Today, I'm thinking simply about the importance of celebration. Celebration is exciting. It's positive. It's inviting. I remember the goal of Alice Waters from Chez Panisse... to woo people into wanting fresh, organic foods by letting them experience these foods for themselves at her restaurant.
That's what I've tried to do at my vegetarian table. To make it an inviting place, a celebratory place, a delicious and happy place. I suppose this has worked to some small degree (this blog began partly to meet repeated requests for my 30-Day Vegetarian Meal Plan, for instance).
Bringing this air of celebration to discussions of scaling down, or cleaning up, or saving the mountains... I'm still working on this. It's not as simple as inviting someone into my bright golden dining room and handing them a Turkish zucchini fritter, with a side of sumptuous chickpea salad. It's not as tasty, as sensuous. Maybe, though, that is also where a blog like this comes in. A small place to celebrate creation, from the rivers to the mountains to the seas.

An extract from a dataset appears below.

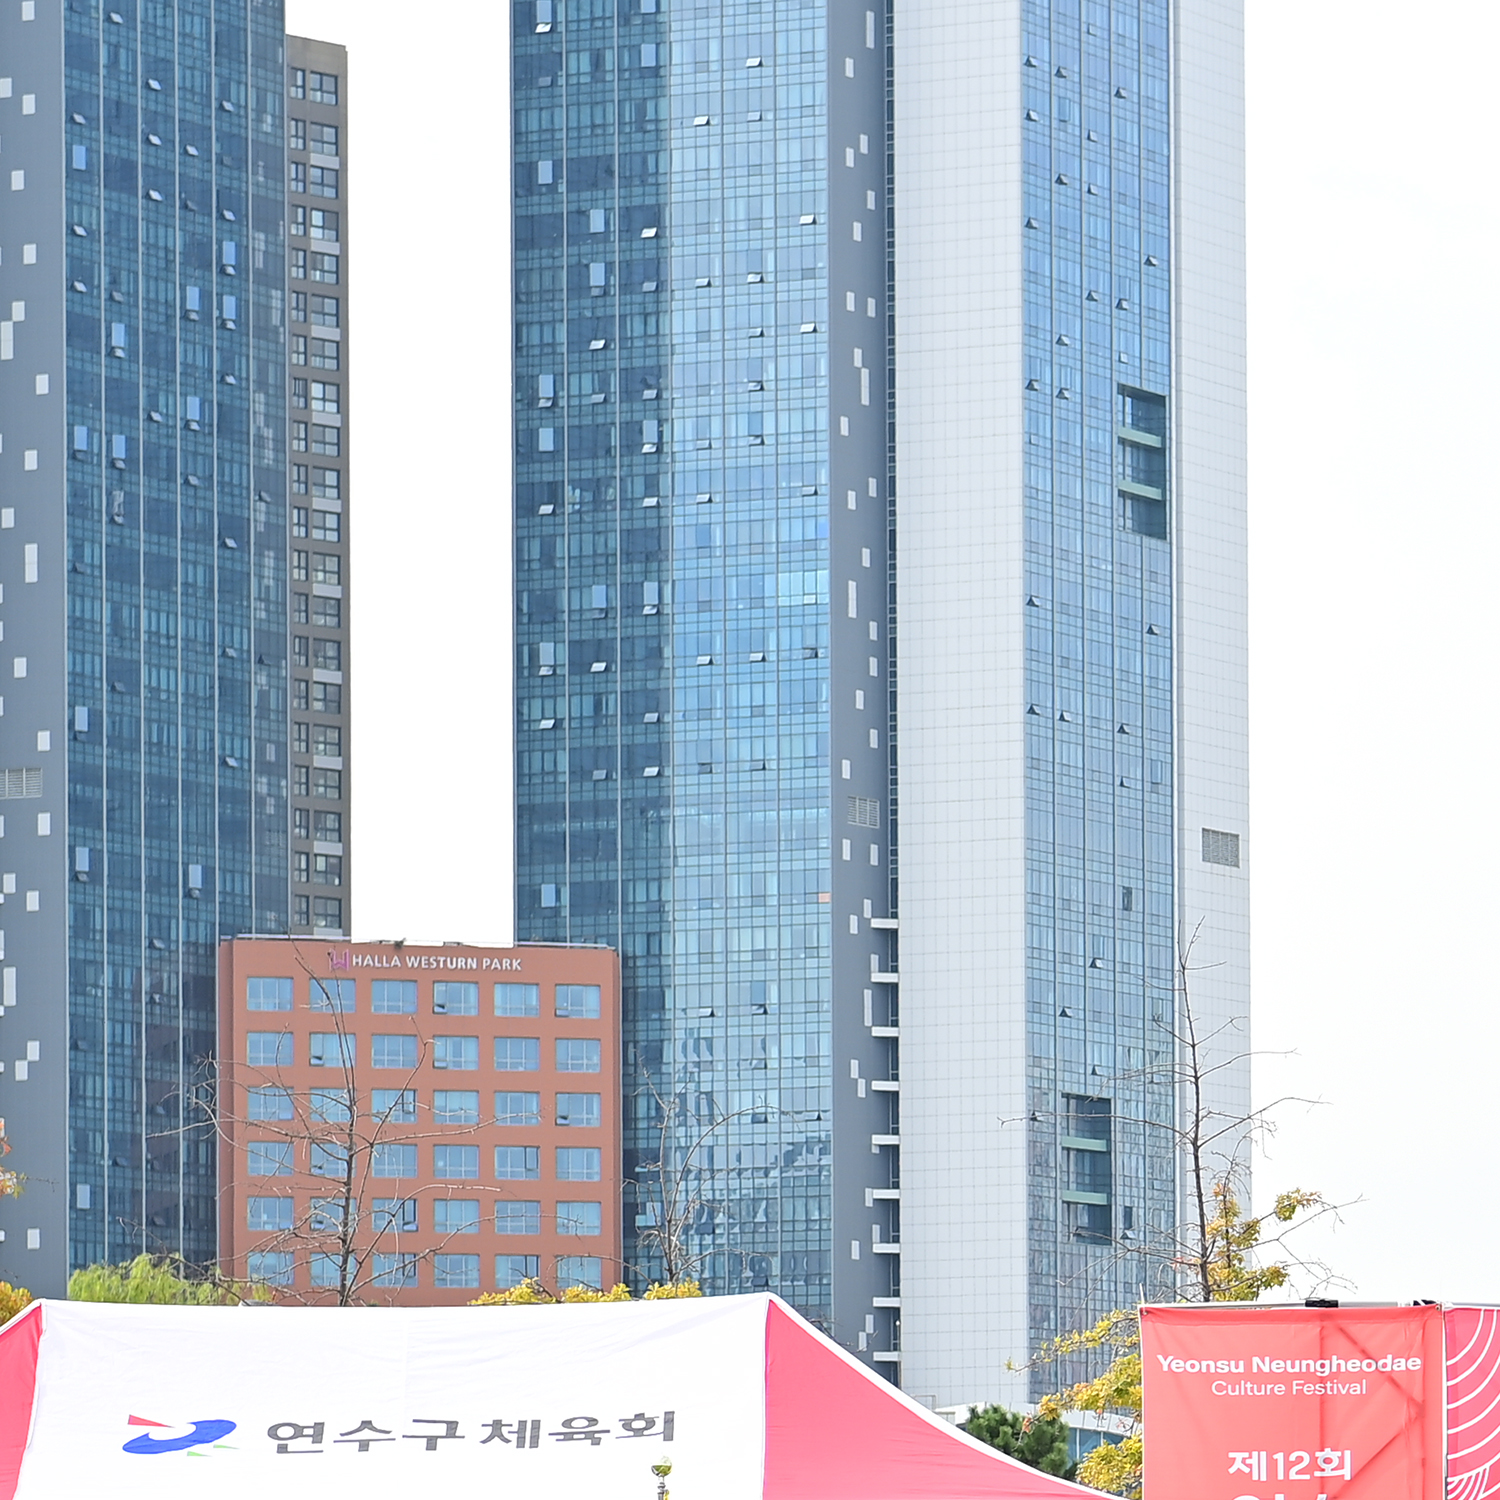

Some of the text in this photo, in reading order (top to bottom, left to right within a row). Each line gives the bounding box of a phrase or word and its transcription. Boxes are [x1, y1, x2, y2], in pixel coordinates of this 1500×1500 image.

[352, 954, 521, 971] HALLA WESTURN PARK
[1157, 1355, 1422, 1377] Yeonsu Neungheodae
[1211, 1379, 1367, 1396] Culture Festival
[1228, 1448, 1351, 1482] 제12회

• 2 or 3 small zucchinis, shredded
• small onion, chopped
• 8 oz. feta cheese, crumbled
• 3 eggs, scrambled
• 1/2 tsp salt
• 1/4 tsp pepper
• 1 TB paprika
• large handful dill, chopped fine
• 1 cp whole wheat flour
Mix all, then drop large spoonfuls into saute pan coated with plenty of canola oil. Saute until golden brown.
• 2 cans chickpeas or 2 cups dried chickpeas, cooked until tender
• small red onion, chopped
• 2 garlic, minced
• 1 tsp ground cumin
• 2 tsp paprika
• 1/4 to 1/2 tsp cayenne
• 1/2 to 1 whole lemon, juice only
• small handful parsley, chopped
• 1-2 tomatoes, chopped
• salt and pepper to taste
• generous amount of olive oil
Mix all and let flavors blend about half an hour.
These recipes were modified from recipes provided in The Sultan's Kitchen, a non-vegetarian cookbook.
About chickpeas...About 15 grams protein in 1 cup. High in potassium, calcium and vitamin A. Among other legumes, this golden, nut-shaped legume stands tallest in iron. Some research has shown cholesterol reduction with increase in chickpea consumption.